Marcote 295 is manufactured by Nalco Co., Ltd. and has a viscosity of 6,170 mPa · s (Tokyo Keiki Co., Ltd., BH viscometer, spindle No. 5, 20 revolutions / minute, 25 ° C., 1 minute). A Nalco Co., Ltd. product having a viscosity of 10,050 mPa · s (Tokyo Keiki Co., Ltd.

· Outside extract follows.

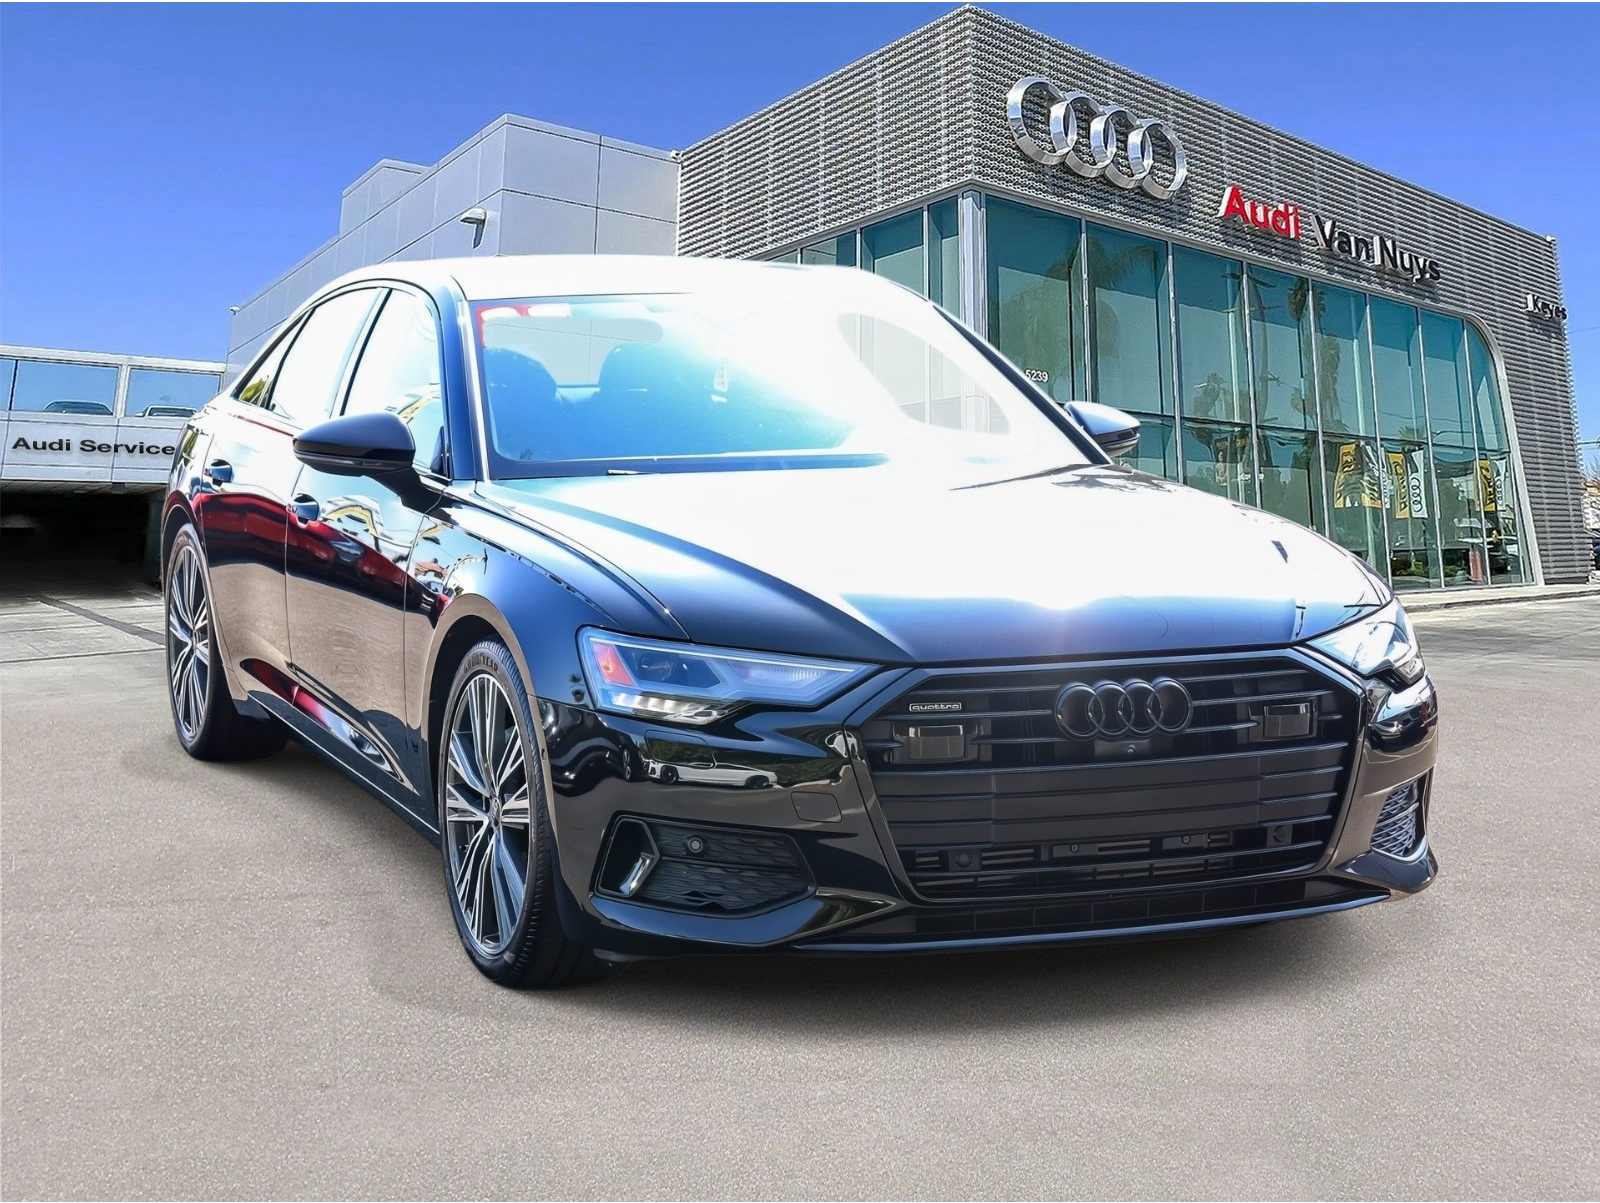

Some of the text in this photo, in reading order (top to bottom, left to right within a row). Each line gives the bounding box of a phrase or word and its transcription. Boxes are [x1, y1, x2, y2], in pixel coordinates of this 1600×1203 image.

[1216, 184, 1440, 283] Audi Van Nuys
[12, 437, 175, 456] Audi Service
[911, 703, 960, 711] quattro

BH type viscometer, spindle No. 5, 20 revolutions / minute, 25 ° C., 1 minute) was used.

[Example 39] Toothpaste silica 20.0%
Propylene glycol 3.0
Glycerin 18.0
Sodium carboxymethylcellulose 1.4
Sodium monofluorophosphate 0.76
Calcium glycerophosphate 0.5
Marcote 100 0.5
Erythritol 2.0
Sodium lauryl sulfate 1.2
Saccharin sodium 0.1
Methylparaben 0.1
Sodium fluoride 0.21
Fragrance 0.8
Purified water balance
Total 100.0%

[Example 40] Toothpaste, aluminum hydroxide 42.0%
Propylene glycol 3.0
70% sorbit 25.0
Sodium carboxymethylcellulose 1.2
Sodium monofluorophosphate 0.8
Calcium glycerophosphate 0.4
Marcote 550 0.3
Melibiose 2.0
Sodium lauryl sulfate 1.2
Saccharin sodium 0.1
Methylparaben 0.1
Butylparaben 0.02
Fragrance 1.0
Purified water balance
Total 100.0%

[Example 41] Toothpaste Heavy calcium carbonate 25.0%
Propylene glycol 3.0
70% sorbit 30.0
Sodium carboxymethylcellulose 1.2
Sodium monofluorophosphate 1.3
Calcium glycerophosphate 0.2
Marcote 280 0.8
Sodium lauryl sulfate 1.2
Saccharin sodium 0.1
Methylparaben 0.1
Butylparaben 0.02
Fragrance 1.0
Purified water balance
Total 100.0%

[Example 42] Toothpaste silica 17.0%
Propylene glycol 3.0
70% sorbit 25.0
Sodium carboxymethylcellulose 1.2
Sodium monofluorophosphate 0.08
Calcium glycerophosphate 1.2
Marcote 3330PR 0.3
Palatinose 2.5
Sodium lauryl sulfate 1.2
Saccharin sodium 0.1
Methylparaben 0.1
Butylparaben 0.02
Fragrance 1.0
Purified water balance
Total 100.0%

[Example 43] Toothpaste Dicalcium phosphate 46.0%
Propylene glycol 3.0
70% sorbit 28.0
Sodium carboxymethylcellulose 1.2
Sodium monofluorophosphate 0.8
Calcium glycerophosphate 0.3
Marcote 295 0.3
Sodium lauryl sulfate 1.2
Saccharin sodium 0.1
Methylparaben 0.1
Butylparaben 0.02
Fragrance 1.0
Purified water balance
Total 100.0%

[Example 44] Mouthwash glycerin 8.0%
Ethanol 8.0
Sodium monofluorophosphate 1.2
Calcium glycerophosphate 1.2
POE hydrogenated castor oil (100EO) 0.8
MARCOAT PLUS3331 0.9
Melibiose 12.0
Erythritol 5.0
Sodium citrate 0.1
Citric acid 0.3
Sodium benzoate 0.5
Fragrance 0.2
Purified water balance
Total 100.0%

[Example 45] Mouth freshener Glycerin 13.0%
Ethanol 40.0
POE hydrogenated castor oil (60EO) 2.0
Sodium monofluorophosphate 0.6
Calcium glycerophosphate 0.2
Marcote 550 0.5
Raffinose 1.0
Reduced palatinose 1.5
Xylitol 2.0
Sodium citrate 0.1
Citric acid 0.03
Fragrance 0.4
l-Menthol 0.5
Purified water balance
Total 100.0%

  The compositions for oral cavity of these examples all showed a high remineralization promoting effect, good usability, no stickiness, and excellent storage stability of calcium ions and monofluorophosphate ions.

Claims (3)

(A) Monofluorophosphate 0.1-2.0% by mass,
(B) calcium glycerophosphate 0.1-2.0 mass%,
(C) One or more polymers selected from a copolymer of polydimethyldimethylmethylenepiperidinium chloride, dimethyldiallylammonium chloride and acrylic acid and / or acrylamide
0.1-1.0% by mass
A composition for oral cavity, comprising:   The oral composition according to claim 1, wherein the polymer of component (C) is selected from a copolymer of dimethyldiallylammonium chloride and acrylic acid, and a copolymer of dimethyldiallylammonium chloride, acrylic acid and acrylamide. .   The oral composition according to claim 1 or 2, which is prepared as a liquid preparation.